A rather prolonged duration of ventilation and ICU stay was observed in our patients, which could be attributed to the exclusion of patients on CPAP or low assist, and those expected to proceed to a T-piece trial within 24 h of initiation of assisted ventilation. This could be regarded as one of the strengths of the study, as monitoring of events would be implemented in everyday practice in patients expected to have a relatively long weaning period. However, in our study, the patients were not rigorously classified into weaning category [19].
Finally, this work was not designed to study the cause of IEs or events, and cannot clarify to what extent the presence of events has a causal relationship with patient outcome. It is reasonable to assume that more severely ill patients having ICU-acquired weakness would have more IEs, and would also require prolonged mechanical ventilation [20]. Yet, there are other possible mechanisms by which IEs, and particularly events, could be associated with adverse patient outcome. For example, the presence of IEs during expiration would cause pleiometric contraction to the diaphragm, damaging muscle fibers [21, 22]; discomfort could induce stress [13, 23]; and unrecognized IEs could lead to mistakes in decision-making during weaning [24, 25]. Whether and to what extent IEs are correctable, and whether that would affect patient outcome, were not examined in this study, nor, to our knowledge, in any other past study. However, it is reasonable to assume that appropriate ventilator alarms would significantly facilitate research in this important issue.
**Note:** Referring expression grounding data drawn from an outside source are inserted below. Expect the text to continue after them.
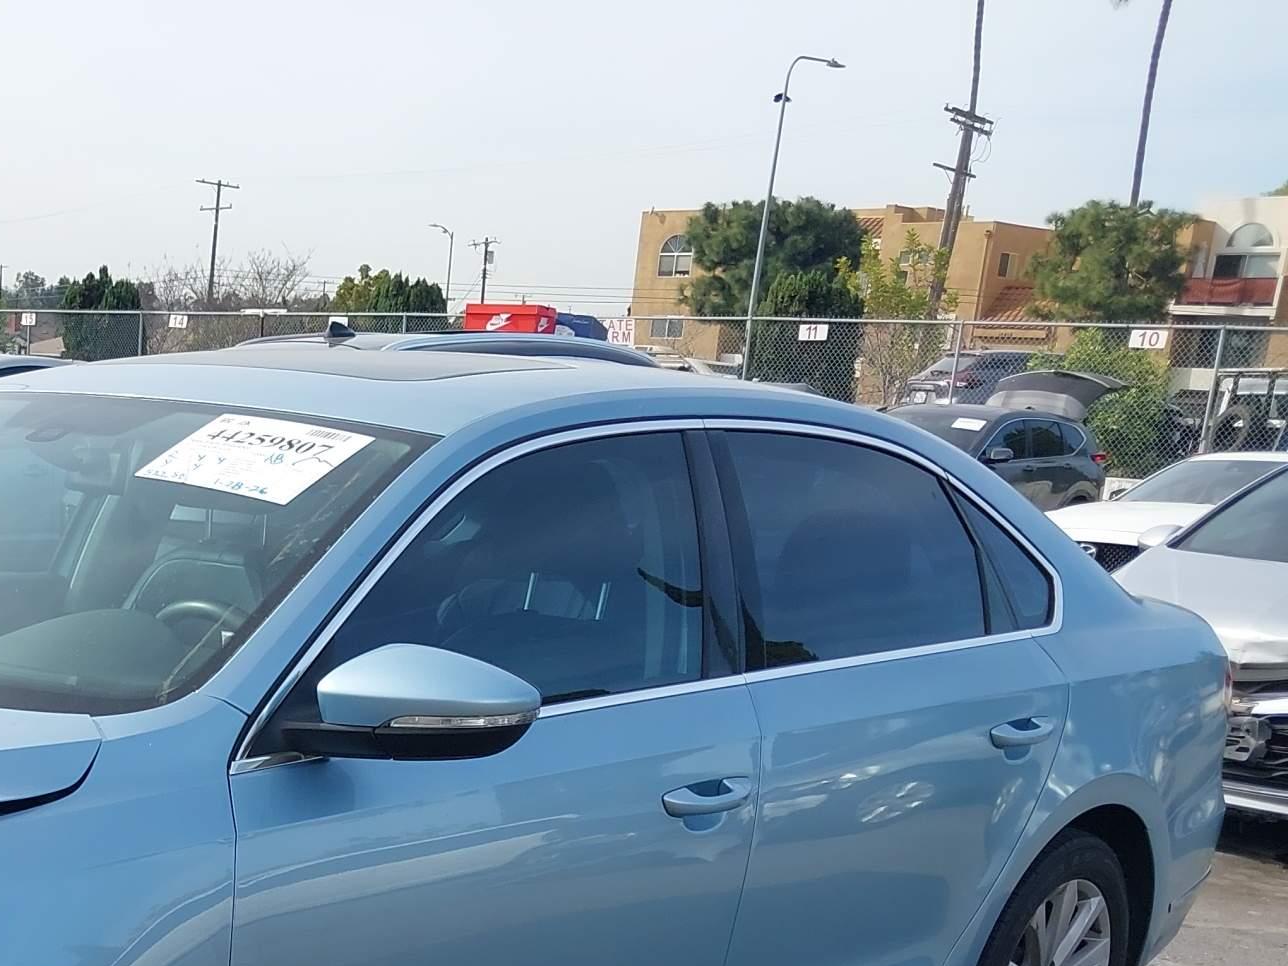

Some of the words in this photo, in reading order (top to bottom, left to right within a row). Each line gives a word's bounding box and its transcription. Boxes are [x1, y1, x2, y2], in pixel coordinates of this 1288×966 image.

[174, 316, 184, 327] 14
[599, 320, 633, 331] TATE
[611, 331, 631, 343] RM
[806, 325, 818, 340] 11
[1138, 331, 1160, 347] 10
[207, 428, 335, 458] 44259807
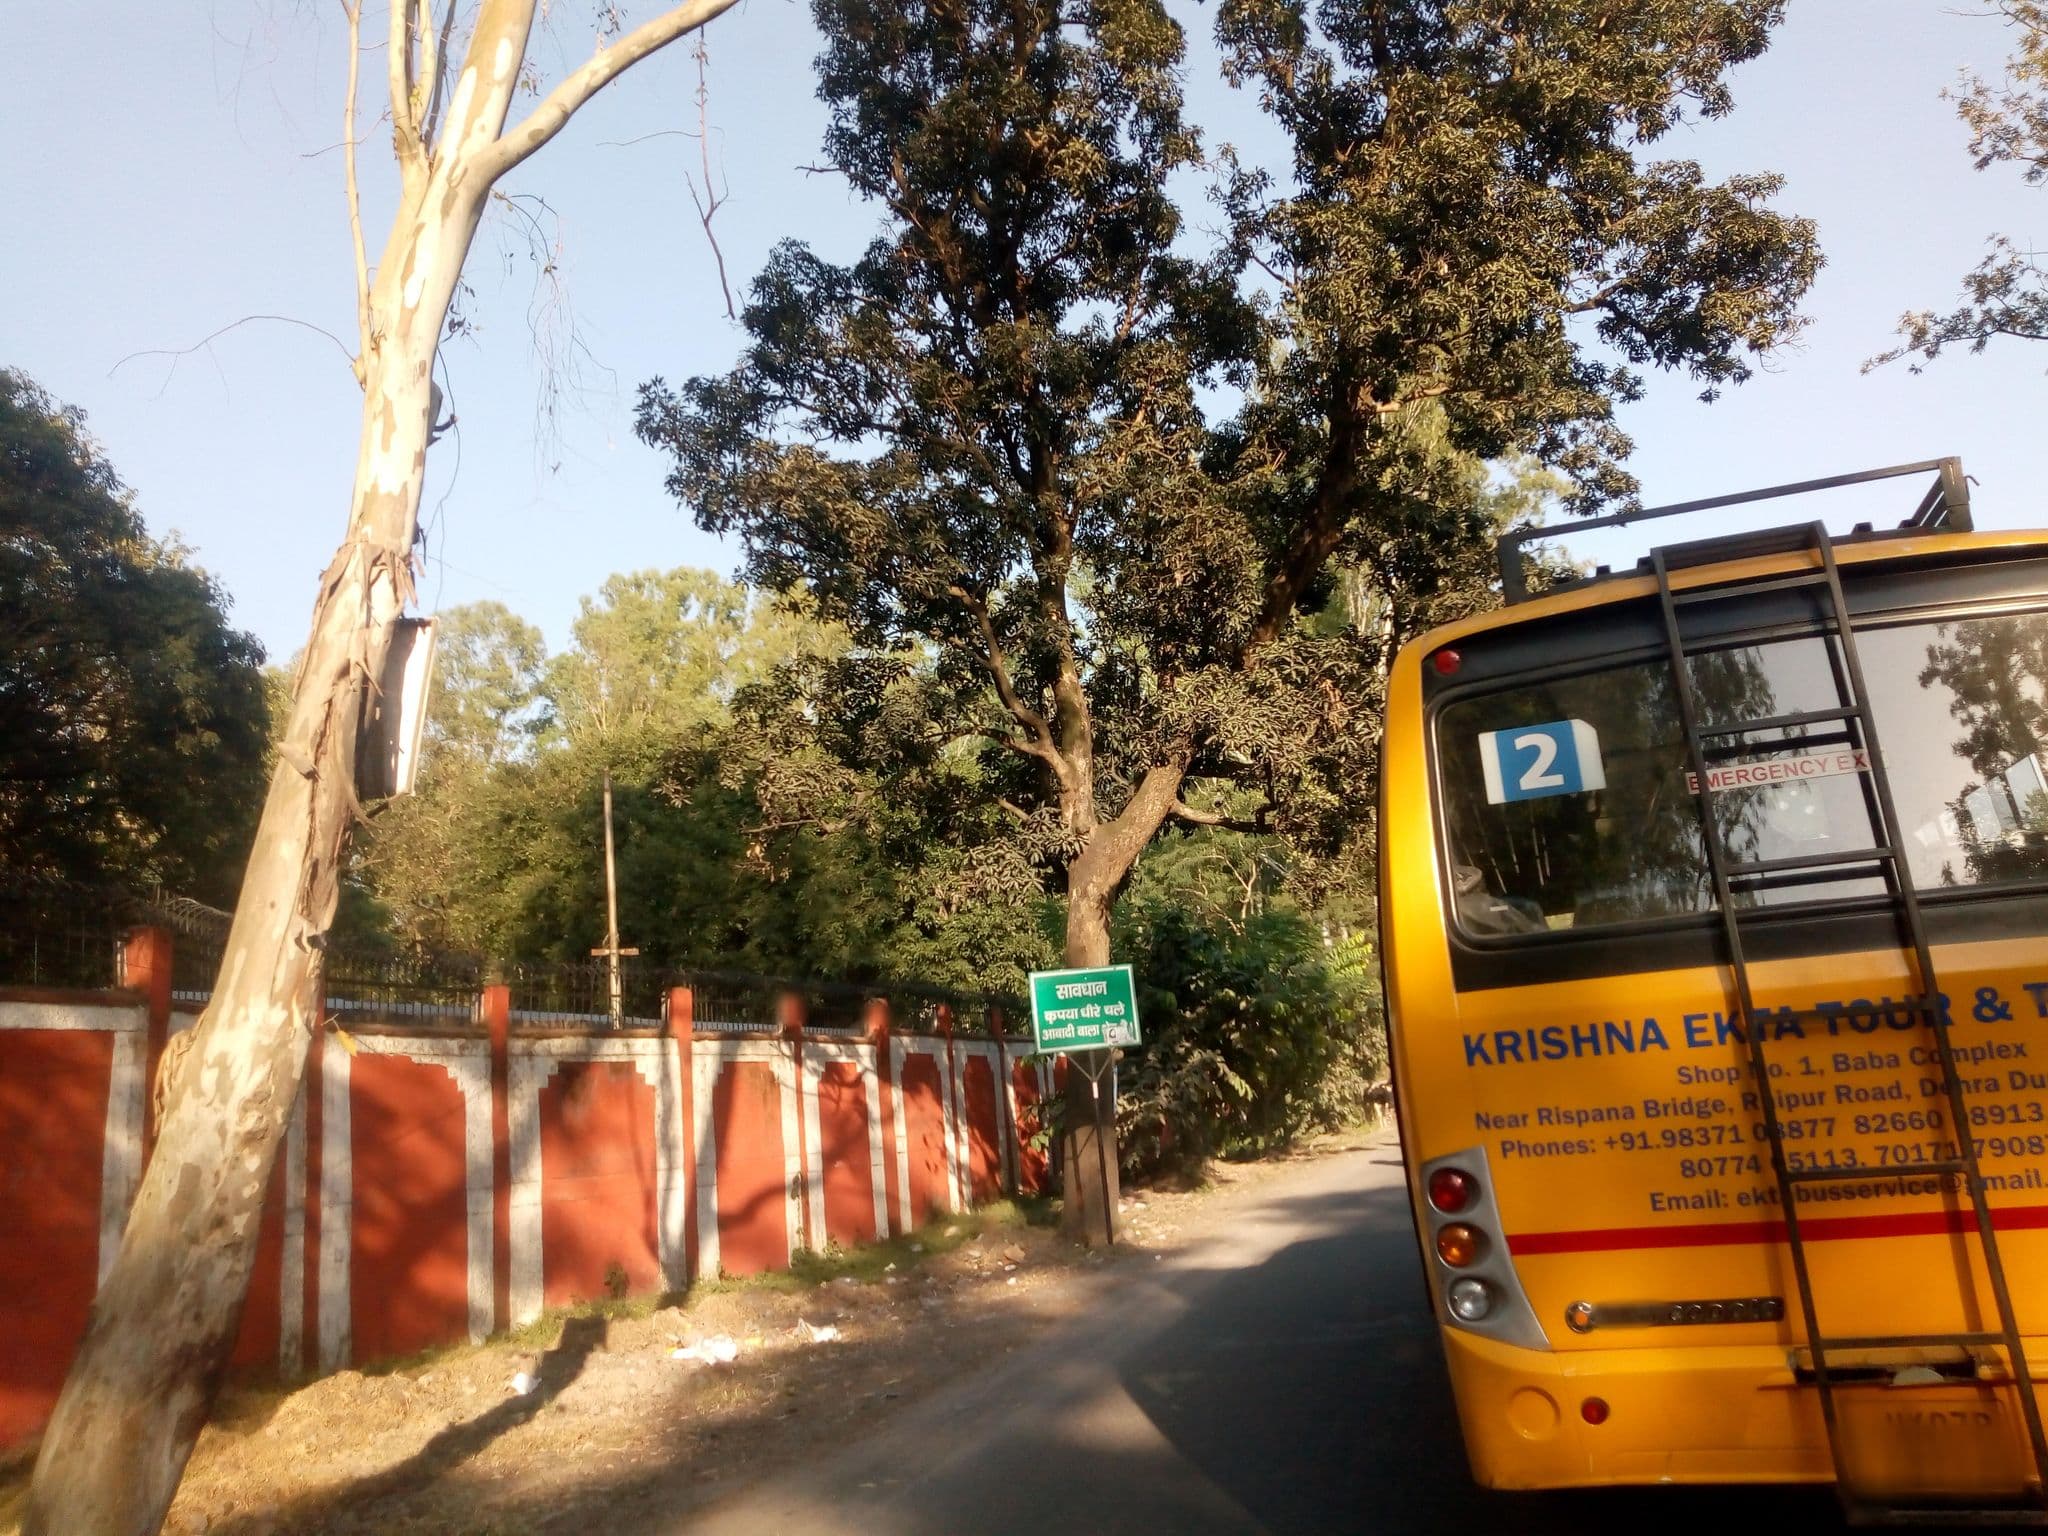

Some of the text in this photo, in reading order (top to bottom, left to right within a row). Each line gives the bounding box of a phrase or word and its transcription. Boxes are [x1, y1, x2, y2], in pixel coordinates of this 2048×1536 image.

[1512, 732, 1565, 791] 2
[1688, 758, 1828, 791] EMERGENCY
[1055, 981, 1108, 1000] सावधान
[1044, 1006, 1079, 1025] कृपया
[1080, 1003, 1101, 1019] धीरे
[1463, 1017, 1670, 1067] KRISHNA
[1683, 1005, 1806, 1049] EKTA
[1815, 991, 1955, 1036] TOUR
[1971, 987, 2014, 1024] &
[1677, 1065, 1740, 1086] Shop
[1750, 1058, 1791, 1080] o.
[1832, 1051, 1901, 1074] Baba
[1909, 1040, 2028, 1067] Complex
[1475, 1111, 1529, 1131] Near
[1537, 1102, 1636, 1128] Rispana
[1643, 1096, 1734, 1120] Bridge,
[1835, 1081, 1912, 1105] Road,
[1501, 1140, 1596, 1160] Phones:
[1854, 1109, 1943, 1135] 82660
[1680, 1154, 1761, 1179] 80774
[1973, 1134, 2048, 1159] 7908
[1649, 1188, 1730, 1213] Email:
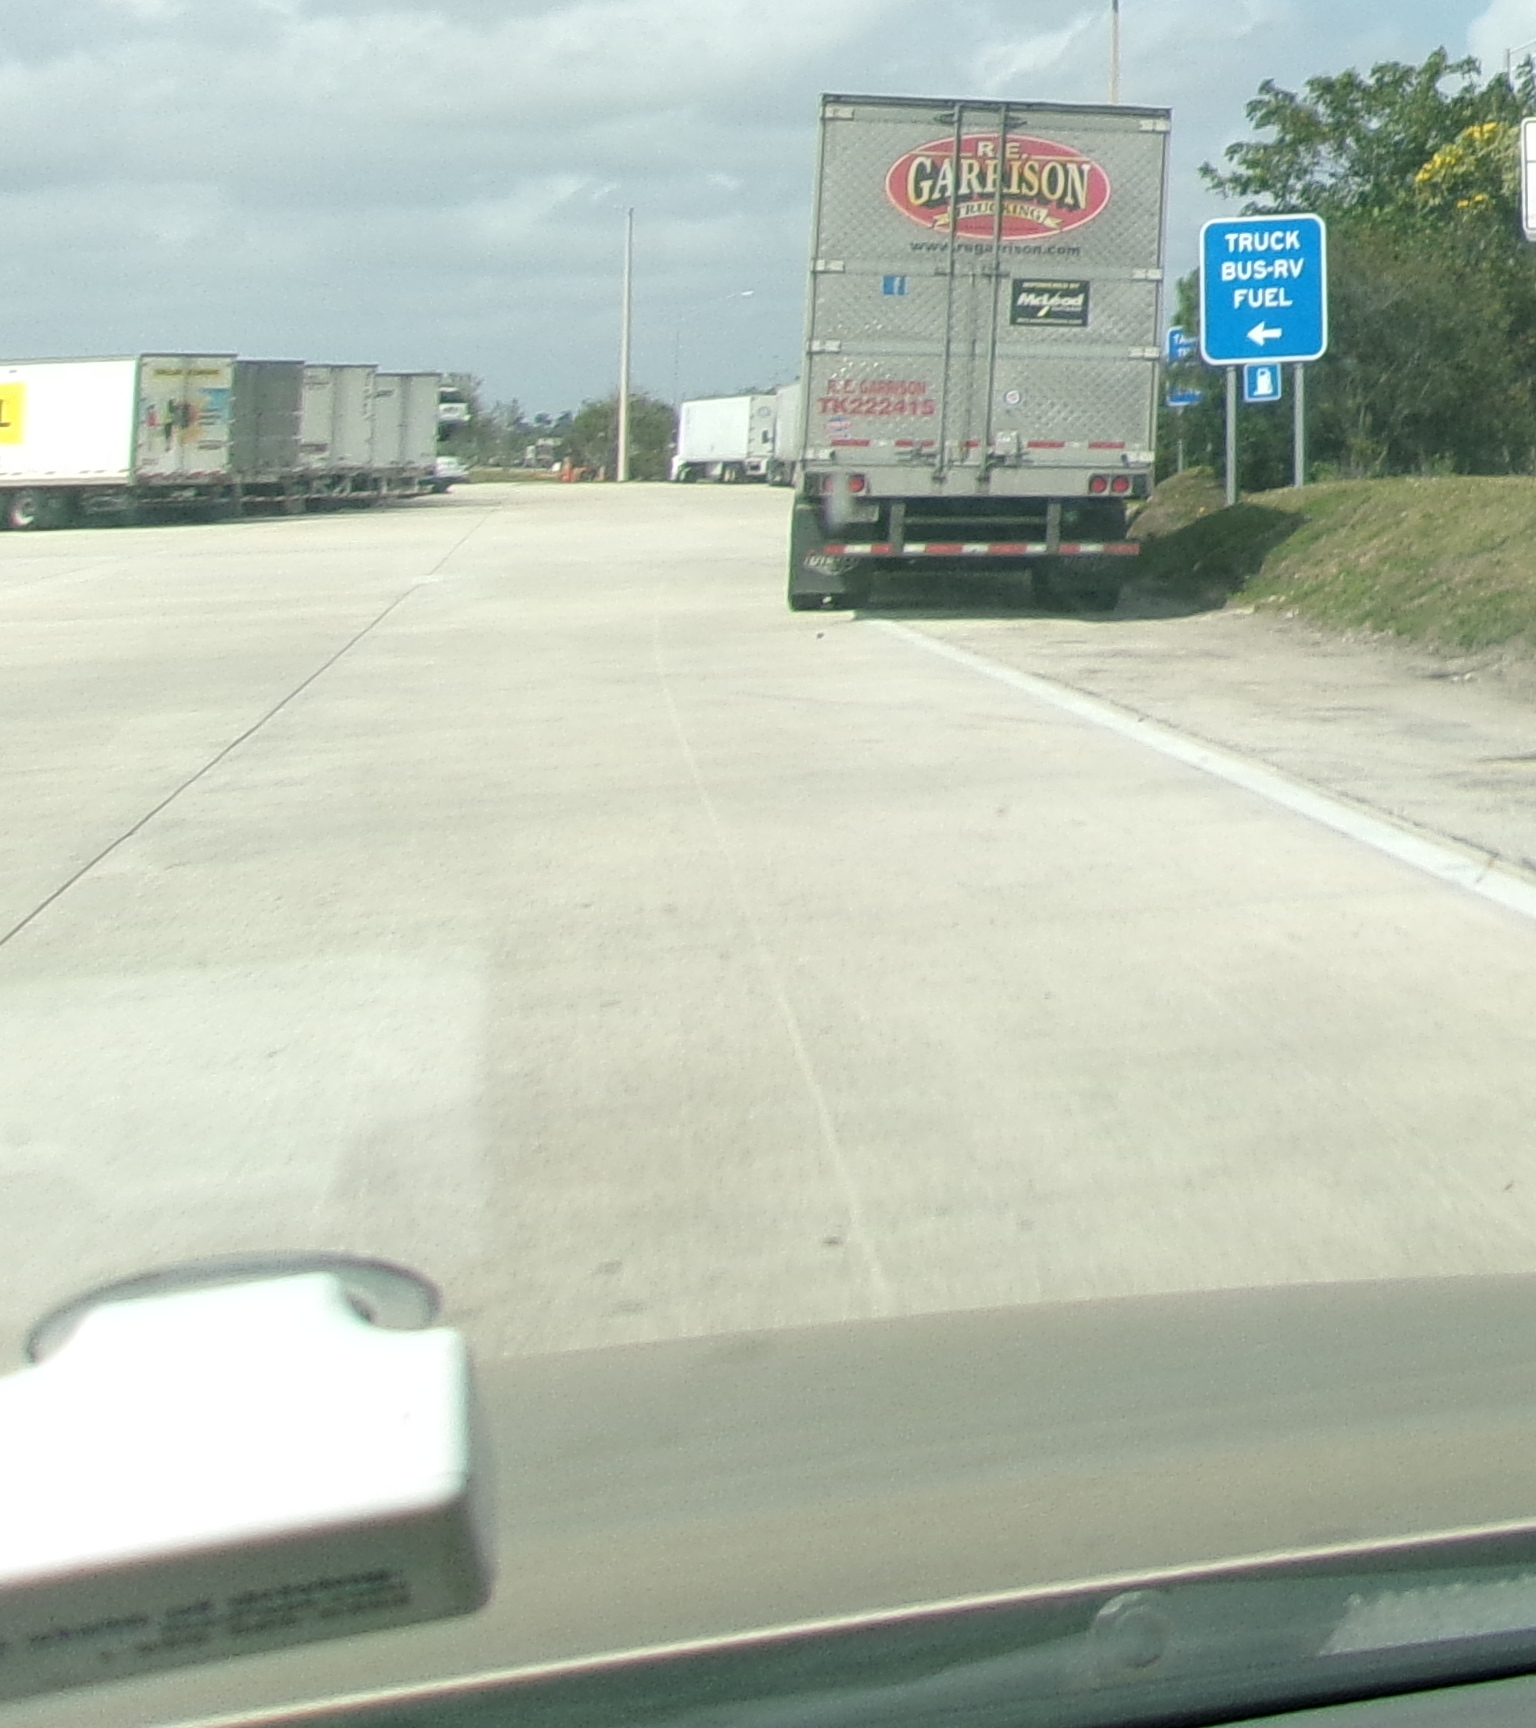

In conclusion, this study introduces the concept of events to describe the clusters of ineffective efforts. Notwithstanding that the thresholds used for event definition were rather arbitrary, the presence of events, as well as their power and duration, are associated with prolonged duration of mechanical ventilation and higher hospital mortality. As the computation of an event can be performed in real time, through the use of appropriate software, events could be introduced as alarms on ventilators to facilitate the management of ineffective efforts and improve patient–ventilator interaction.